I mean really, who would want to let the other person know what they found so off-putting?

That guy doesn't deserve to improve "himself", or, improve his "first impression".

Every woman he talks to should just blow him off with nary a word. That'll teach him.

Perhaps if someone would have told him 20 "first conversations" ago that he was talking way too much, he wouldn't be doing that now. Perhaps that's why he got so pissed....BECAUSE NONE OF THOSE 20 WOMAN EVER TOLD HIM THAT, they just blew him off, and it happens over and over again because he just doesn't know.
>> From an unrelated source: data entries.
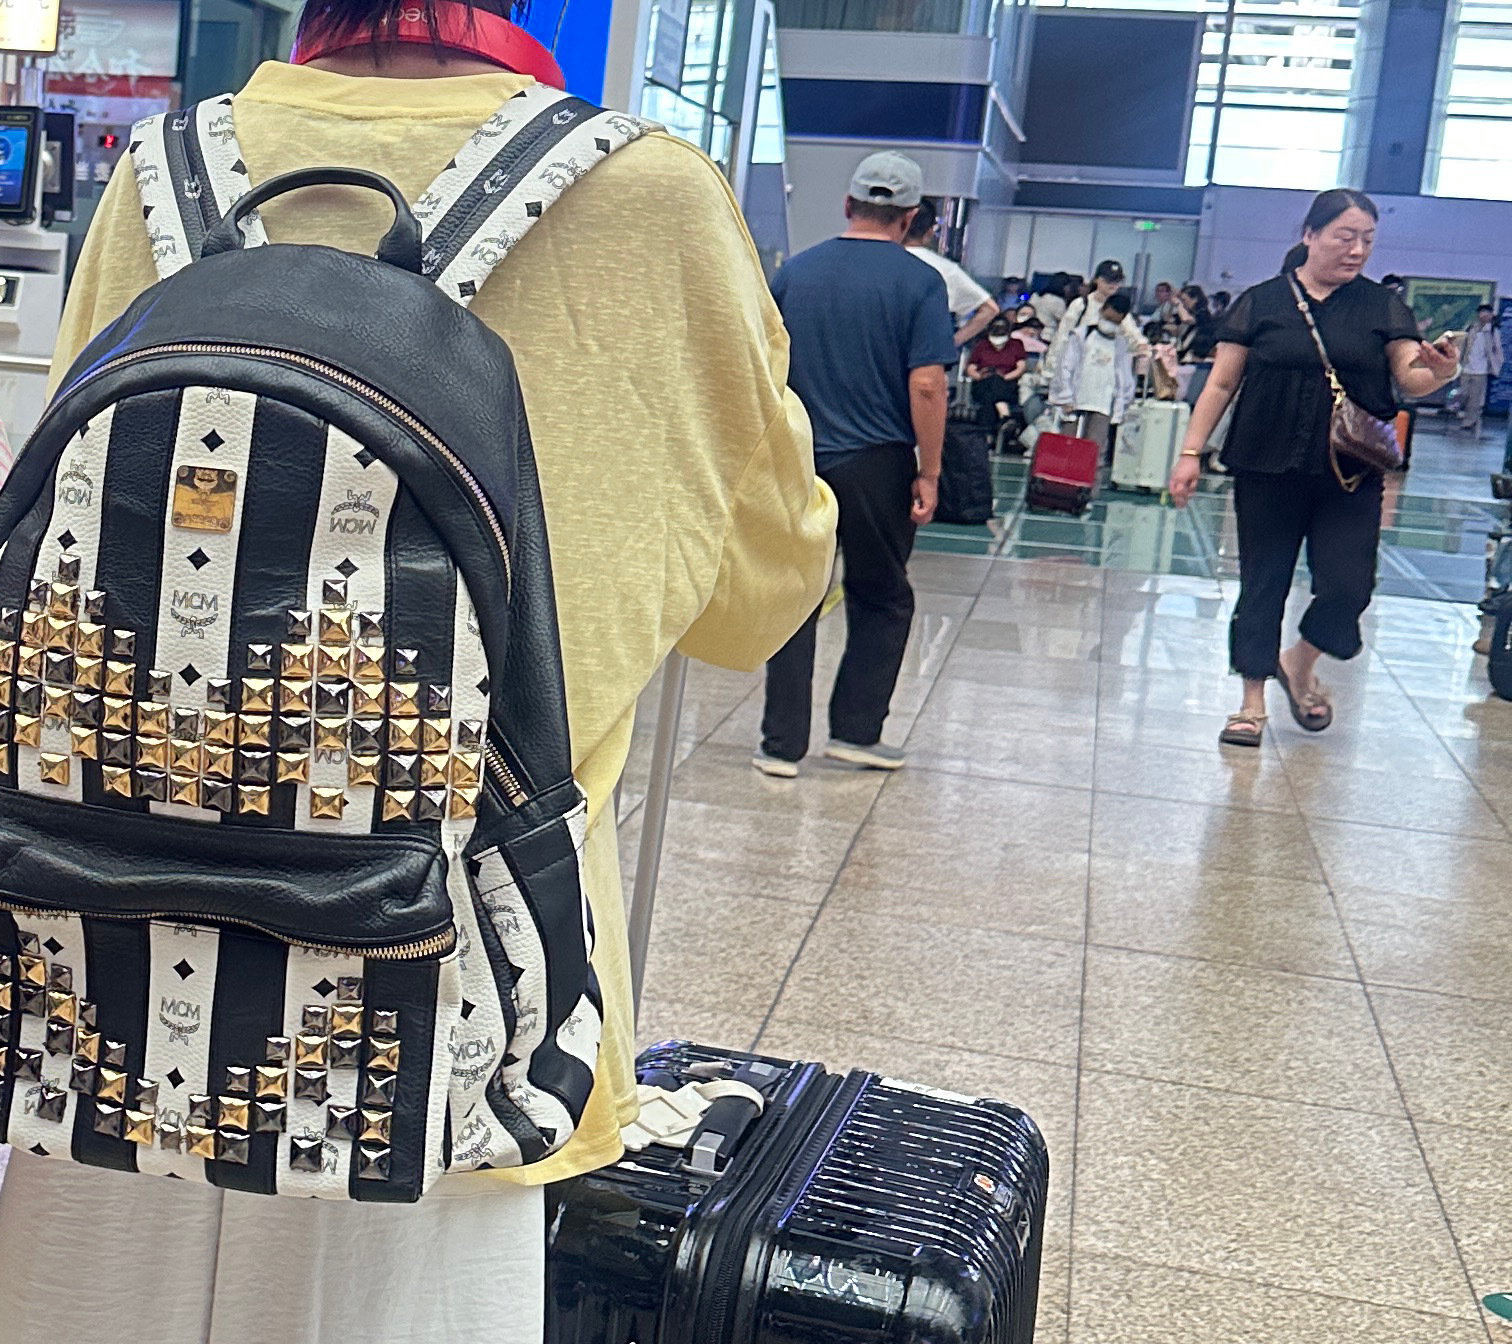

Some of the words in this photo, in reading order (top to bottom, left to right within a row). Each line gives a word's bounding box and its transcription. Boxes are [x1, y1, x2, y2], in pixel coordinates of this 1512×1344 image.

[58, 485, 93, 507] MCM
[329, 517, 378, 535] MCM
[171, 590, 219, 611] MCM
[159, 996, 202, 1019] MCM
[448, 1036, 496, 1061] MCM
Yet if the man conforms to fit the idea of every woman--is he being true to himself--so now he goes out and doesn't talk and then ends up in a relationship where he doesn't talk and he is secretly angry he cant talk..and then resentful etc...

Isn't it better to find someone you are a match with --someone who might appreciate you as you are vs you changing to become what some other woman might want you to be?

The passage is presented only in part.